Install SynapseML
Synapse
SynapseML can be conveniently installed on Synapse:
For Spark3.2 pool:
%%configure -f
{
"name": "synapseml",
"conf": {
"spark.jars.packages": "com.microsoft.azure:synapseml_2.12:0.11.3,org.apache.spark:spark-avro_2.12:3.3.1",
"spark.jars.repositories": "https://mmlspark.azureedge.net/maven",
"spark.jars.excludes": "org.scala-lang:scala-reflect,org.apache.spark:spark-tags_2.12,org.scalactic:scalactic_2.12,org.scalatest:scalatest_2.12,com.fasterxml.jackson.core:jackson-databind",
"spark.yarn.user.classpath.first": "true",
"spark.sql.parquet.enableVectorizedReader": "false",
"spark.sql.legacy.replaceDatabricksSparkAvro.enabled": "true"
}
}
For Spark3.3 pool:
%%configure -f
{
"name": "synapseml",
"conf": {
"spark.jars.packages": "com.microsoft.azure:synapseml_2.12:0.11.3-spark3.3",
"spark.jars.repositories": "https://mmlspark.azureedge.net/maven",
"spark.jars.excludes": "org.scala-lang:scala-reflect,org.apache.spark:spark-tags_2.12,org.scalactic:scalactic_2.12,org.scalatest:scalatest_2.12,com.fasterxml.jackson.core:jackson-databind",
"spark.yarn.user.classpath.first": "true",
"spark.sql.parquet.enableVectorizedReader": "false"
}
}
Python
To try out SynapseML on a Python (or Conda) installation, you can get Spark
installed via pip with pip install pyspark
.
import pyspark
spark = pyspark.sql.SparkSession.builder.appName("MyApp") \
# Use 0.11.3-spark3.3 version for Spark3.3 and 0.11.3 version for Spark3.2
.config("spark.jars.packages", "com.microsoft.azure:synapseml_2.12:0.11.3") \
.config("spark.jars.repositories", "https://mmlspark.azureedge.net/maven") \
.getOrCreate()
import synapse.ml
SBT
If you're building a Spark application in Scala, add the following lines to
your build.sbt
:
resolvers += "SynapseML" at "https://mmlspark.azureedge.net/maven"

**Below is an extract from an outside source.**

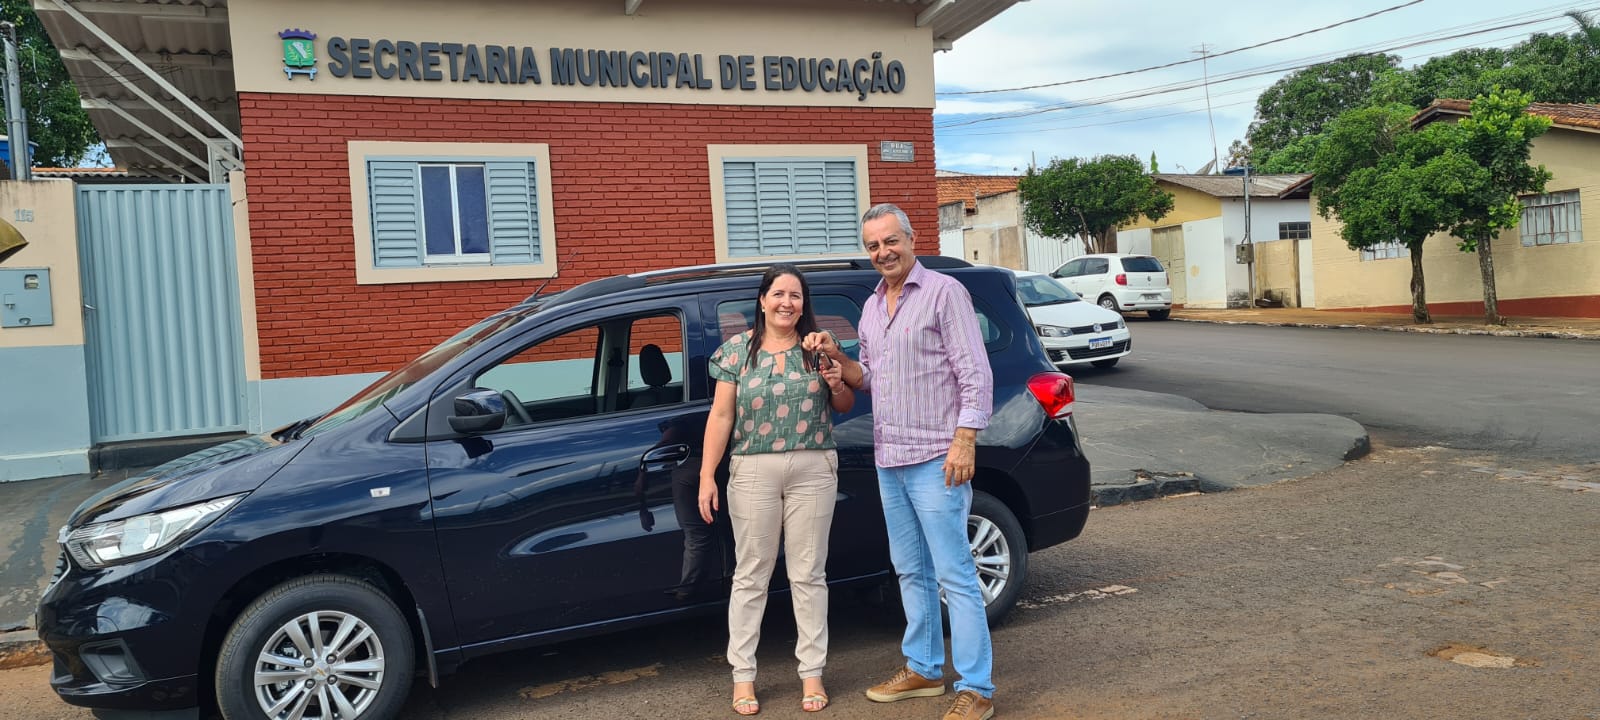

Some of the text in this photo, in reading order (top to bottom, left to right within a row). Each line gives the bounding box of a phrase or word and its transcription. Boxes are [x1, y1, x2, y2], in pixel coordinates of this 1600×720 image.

// Use 0.11.3 version for Spark3.2 and 0.11.3-spark3.3 for Spark3.3
libraryDependencies += "com.microsoft.azure" % "synapseml_2.12" % "0.11.3"
Spark package
SynapseML can be conveniently installed on existing Spark clusters via the
--packages
option, examples:
# Please use 0.11.3-spark3.3 version for Spark3.3 and 0.11.3 version for Spark3.2
spark-shell --packages com.microsoft.azure:synapseml_2.12:0.11.3
pyspark --packages com.microsoft.azure:synapseml_2.12:0.11.3
spark-submit --packages com.microsoft.azure:synapseml_2.12:0.11.3 MyApp.jar
A similar technique can be used in other Spark contexts too. For example, you can use SynapseML
in AZTK by adding it to the
.aztk/spark-defaults.conf
file.
Databricks
To install SynapseML on the Databricks cloud, create a new library from Maven coordinates in your workspace.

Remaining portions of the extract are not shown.